Sitting in front of Suwanee’s Town Center Park Amphitheater, 13 contestants stared at the black to-go boxes in front of them, each of which contained 10 wings.
As the announcer shouted “Ready, go!,” each wing eating champion hopeful grabbed a piece of chicken, stuffing it into his or her mouth.
Within two minutes, Suwanee Police Department Cpl. Jeremy Gatz stood up, his face, fingers and bib covered in orange sauce.
“We have a winner!” the announcer shouted, as Suwanee Wing Fest attendees cheered. “Now we need the second and third place winners.”
Gathered in Suwanee Town Center Park Saturday evening, hundreds of local residents turned out for the city’s 16th annual Wing Fest and August concert, a late summer staple in the community.
Started in 2004, the event began as an evening of music, though quickly turned into something bigger.
“It started off as just an August concert, but the fun part for us about this, and the reason we have it this weekend even though it’s really hot, is everybody just started back to school and everybody’s home,” said Suwanee Event Planner Amy Doherty. “The August concert kind of brings everybody together at a time when people are done with summer vacation and school is starting.”
This year, the Smithereens headlined the concert, the second time the band has performed in Suwanee.

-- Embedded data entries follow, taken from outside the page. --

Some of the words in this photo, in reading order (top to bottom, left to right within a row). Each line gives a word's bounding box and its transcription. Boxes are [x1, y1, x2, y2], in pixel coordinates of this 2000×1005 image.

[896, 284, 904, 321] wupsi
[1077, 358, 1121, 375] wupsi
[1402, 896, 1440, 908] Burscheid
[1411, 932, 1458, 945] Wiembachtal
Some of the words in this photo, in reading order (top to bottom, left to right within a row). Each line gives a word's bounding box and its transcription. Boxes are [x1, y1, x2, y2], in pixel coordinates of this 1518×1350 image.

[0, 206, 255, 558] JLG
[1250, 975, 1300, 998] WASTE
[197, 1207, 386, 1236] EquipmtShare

Last time the group performed, it was at the city’s 2012 Suwanee Fest.
“For our August concert, we always pick a band that is kind of nostalgic and (takes you) back to the ’70s and ’80s, because most of our residents were probably in college in that time,” Doherty said. “We want it to be a band that you grew up listening to, and just for a moment in time, you can throw back to a great time in your life and reminisce with your new Suwanee neighbors and enjoy an evening in our beautiful park.”
That evening wouldn’t be complete without beer and wings, though, Doherty said — and of course the wing eating contest.

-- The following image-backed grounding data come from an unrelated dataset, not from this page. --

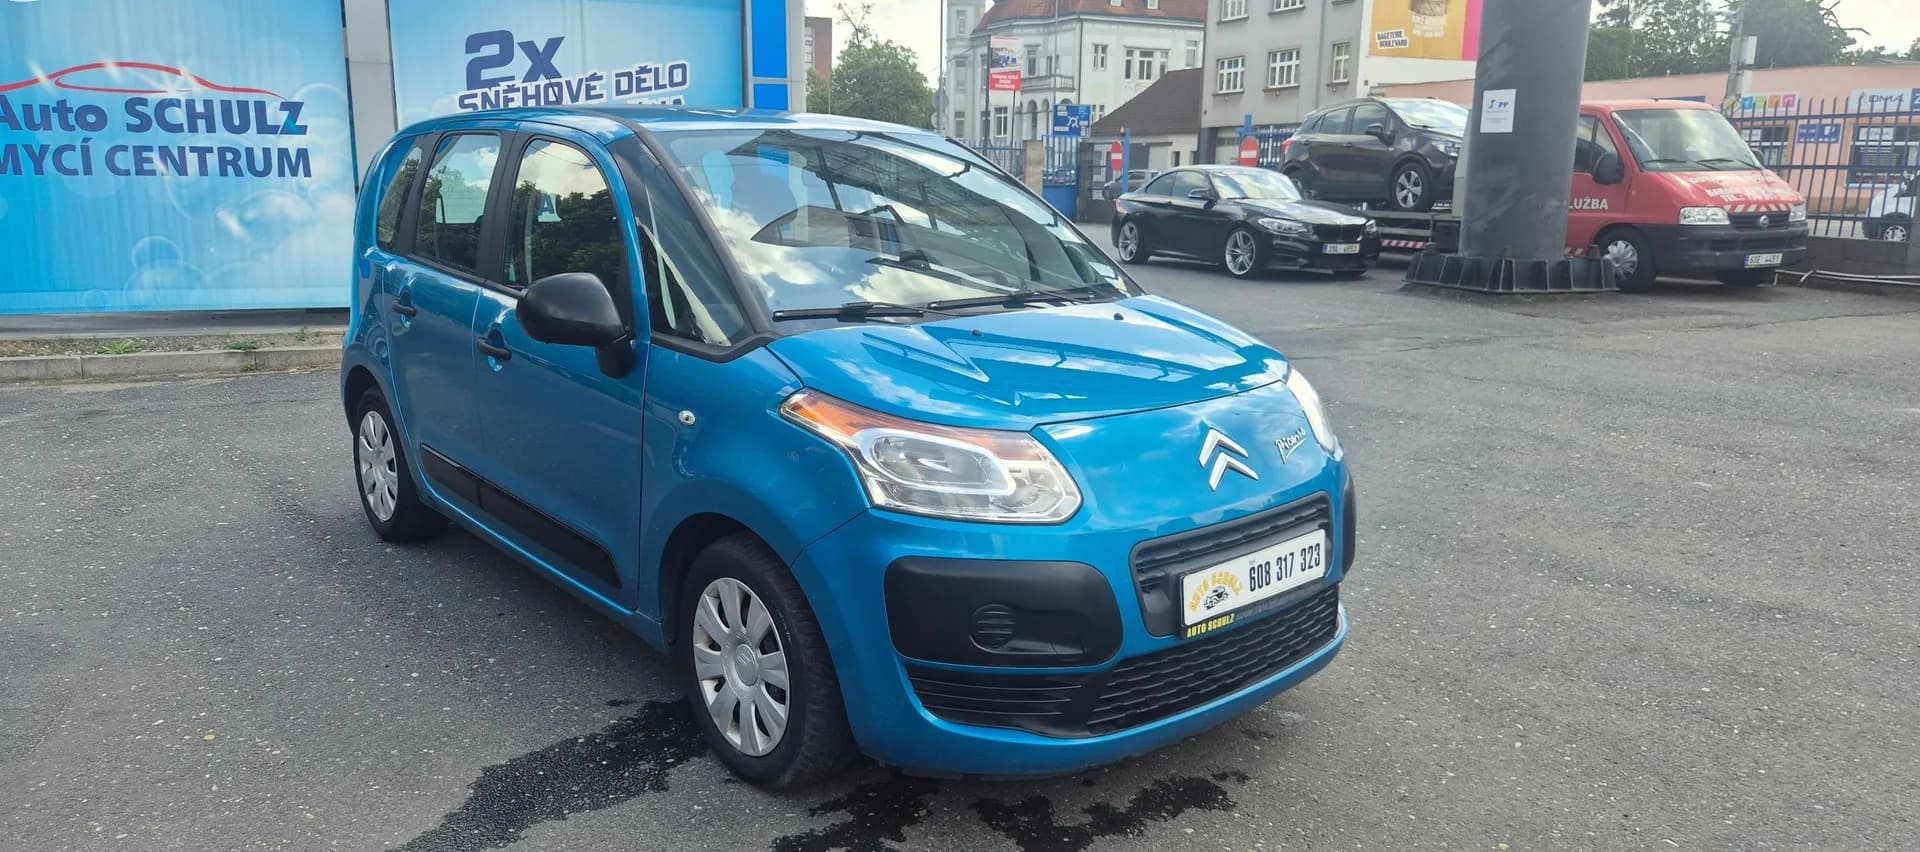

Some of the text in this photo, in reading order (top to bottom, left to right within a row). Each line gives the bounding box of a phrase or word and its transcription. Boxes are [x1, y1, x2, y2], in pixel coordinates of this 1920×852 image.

[465, 29, 565, 91] 2x
[615, 62, 688, 97] DĚLO
[0, 95, 308, 135] Auto SCHULZ
[0, 137, 312, 178] MYCÍ CENTRUM
[1249, 542, 1321, 592] 608 317 323
[1187, 623, 1207, 639] AUTO

“It’s not who can eat the most wings, it’s who can eat 10 chicken wings the fastest and cleanest,” Doherty said. “The people who provide us with the wings always ask, ‘Well, what flavor do you want?’ We tell them, ‘Don’t make them too hot, but make them as drippy as you can.’ It makes for hilarious pictures.”
The contest also makes for good competition, especially between city employees — something Gatz attested to.
“(Friday) night, I went and got 20 wings and practiced,” he said. “I ate 10 in a minute and 29 seconds. My goal today was only to beat my other two officers — to win it all was pretty cool.”
Though the wing eating contest is always a highlight of Wing Fest, the event, at its heart, is about bringing the community together, Doherty said.
“This event really has a lot to do with just coming for the music and the food and the camaraderie of your neighbors,” she said. “You can come here and just have a good time. It’s a family friendly environment, so why not do that with chicken wings, beer and music you listened to in college?”
That food and fun is exactly what brought the Burke family to Suwanee Saturday night; though Sue and Ed Burke, and their daughter Belle, live in Lilburn, this year’s event was a first for them.
“My sister-in-law is visiting from Charlotte, so we were literally looking on Facebook events for, ‘What can we do tonight?’” Sue Burke said. “We were going to go do goat yoga, but we chose this over goat yoga.”
Laughing, Ed Burke interjected.
“I came across the wing festival and was like, ‘Got it — we’re done, we’re going to Wing Fest,’” he said. “The Smithereens, man? Absolutely.”
The evening didn’t disappoint for the family.
“Would we recommend it to others? Yes,” Sue Burke said. “Will we be back? Absolutely.”